» WORK TO BE COMPLETED: Render every line of the data exactly as written, and leave out the pictures.

:: INPUT DATA

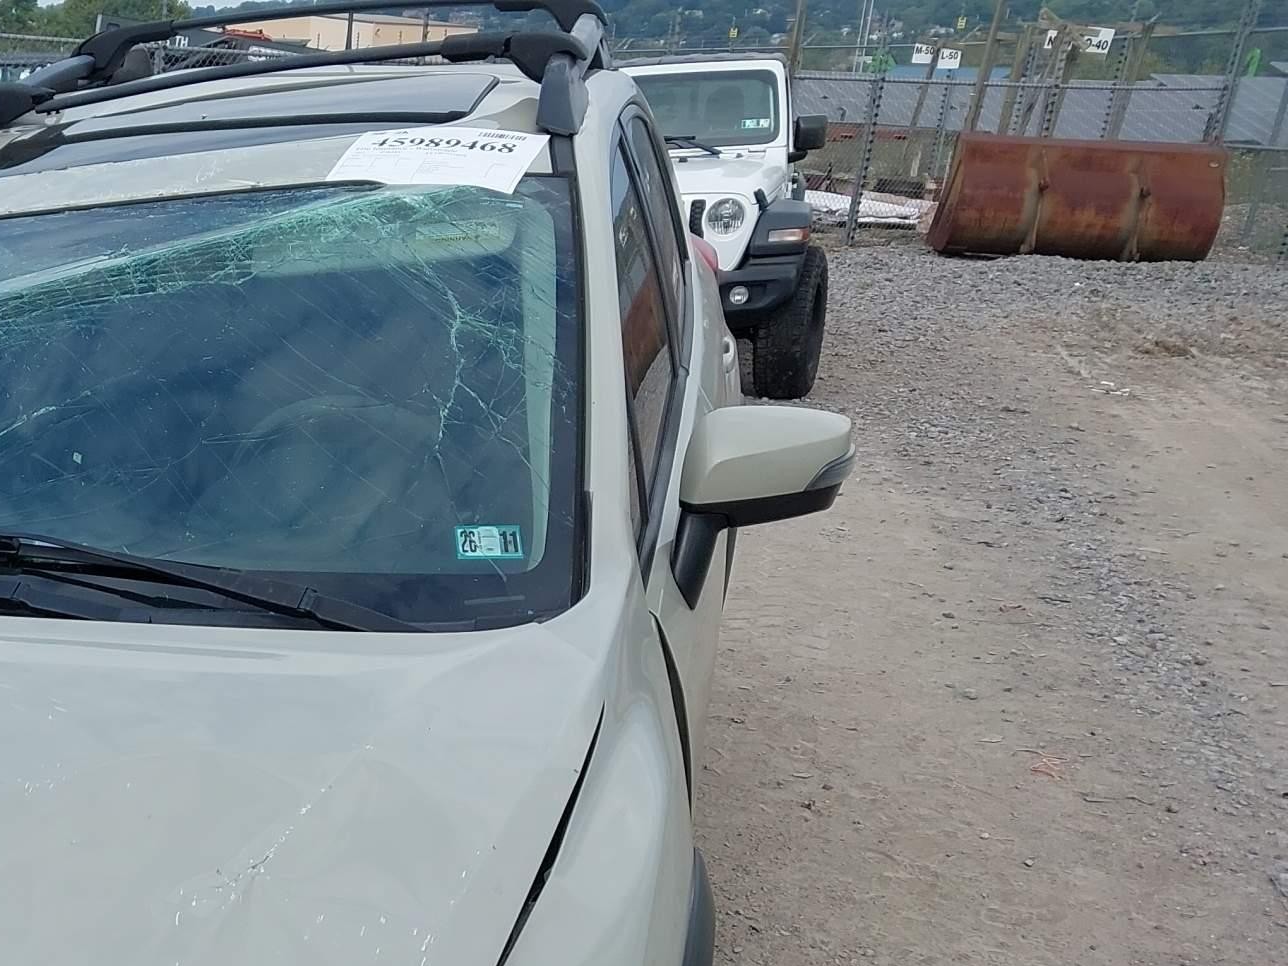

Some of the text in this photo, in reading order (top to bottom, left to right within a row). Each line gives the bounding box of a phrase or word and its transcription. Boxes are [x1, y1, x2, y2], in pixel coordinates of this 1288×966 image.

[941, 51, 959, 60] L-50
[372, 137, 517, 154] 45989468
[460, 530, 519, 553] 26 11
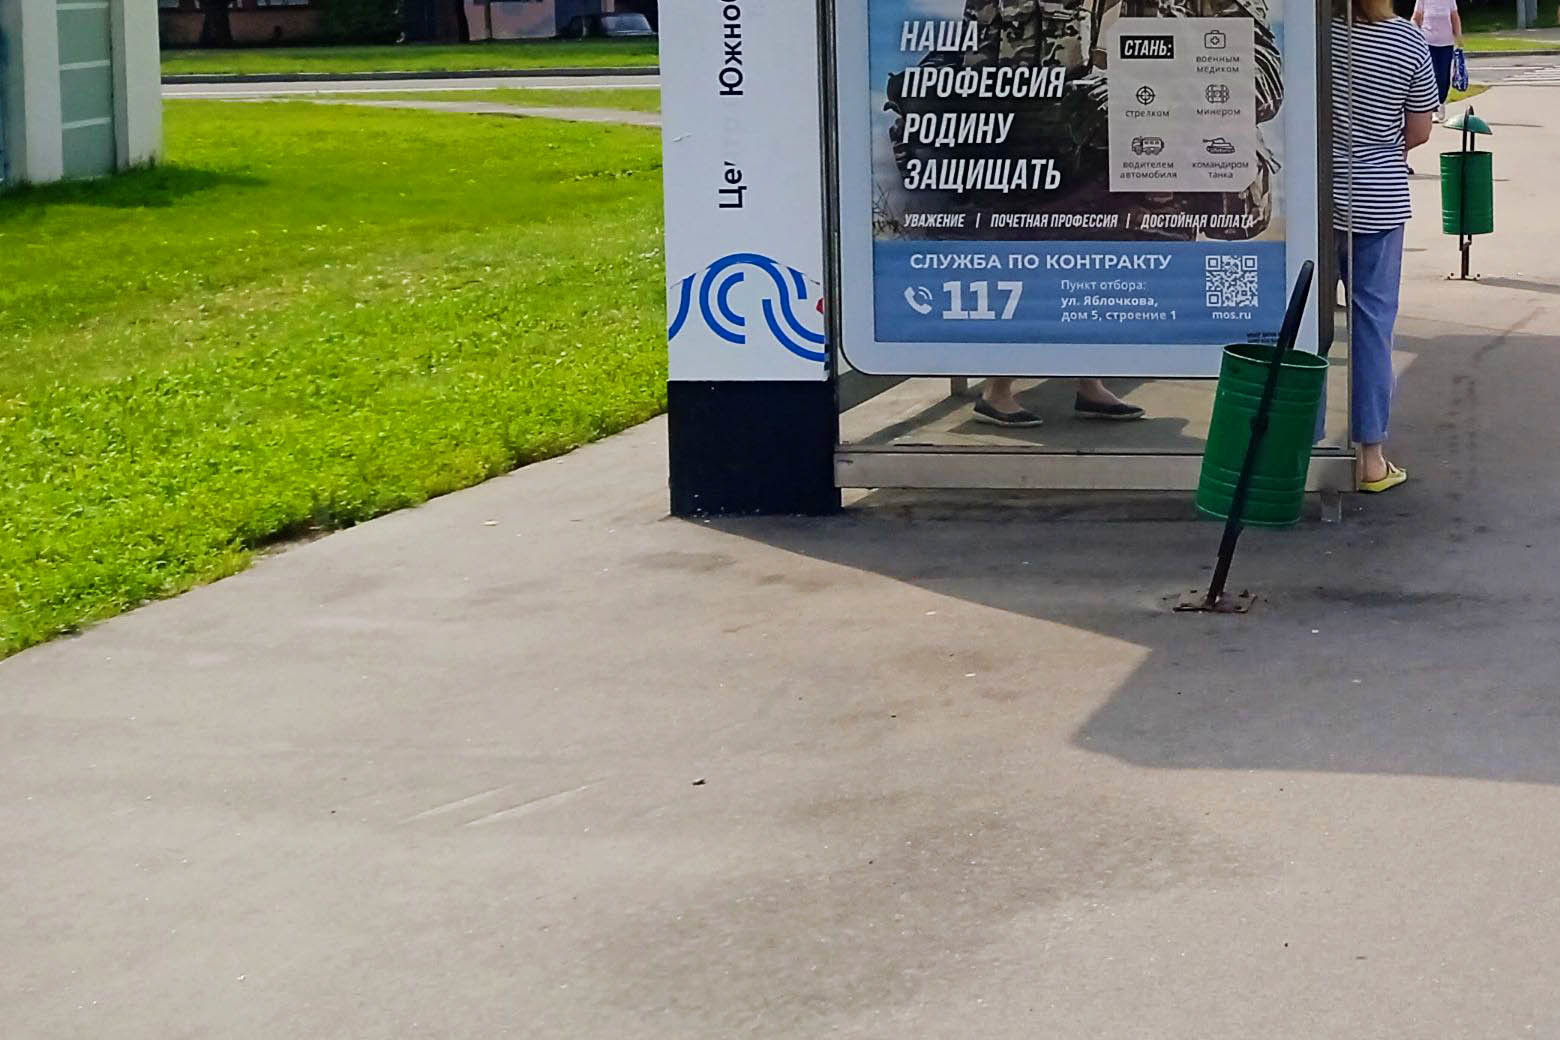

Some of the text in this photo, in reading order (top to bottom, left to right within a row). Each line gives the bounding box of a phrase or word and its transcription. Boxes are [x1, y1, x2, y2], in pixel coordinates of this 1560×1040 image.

::::

» ANSWER BOX:
Some of the text in this photo, in reading order (top to bottom, left to right within a row). Each line gives the bounding box of a phrase or word and its transcription. Boxes are [x1, y1, x2, y2], in pixel coordinates of this 1288×966 image.

[941, 51, 959, 60] L-50
[372, 137, 517, 154] 45989468
[460, 530, 519, 553] 26 11

Some of the text in this photo, in reading order (top to bottom, left to right within a row). Each line gives the bounding box of a phrase or word and its transcription. Boxes are [x1, y1, x2, y2], in pixel coordinates of this 1560×1040 image.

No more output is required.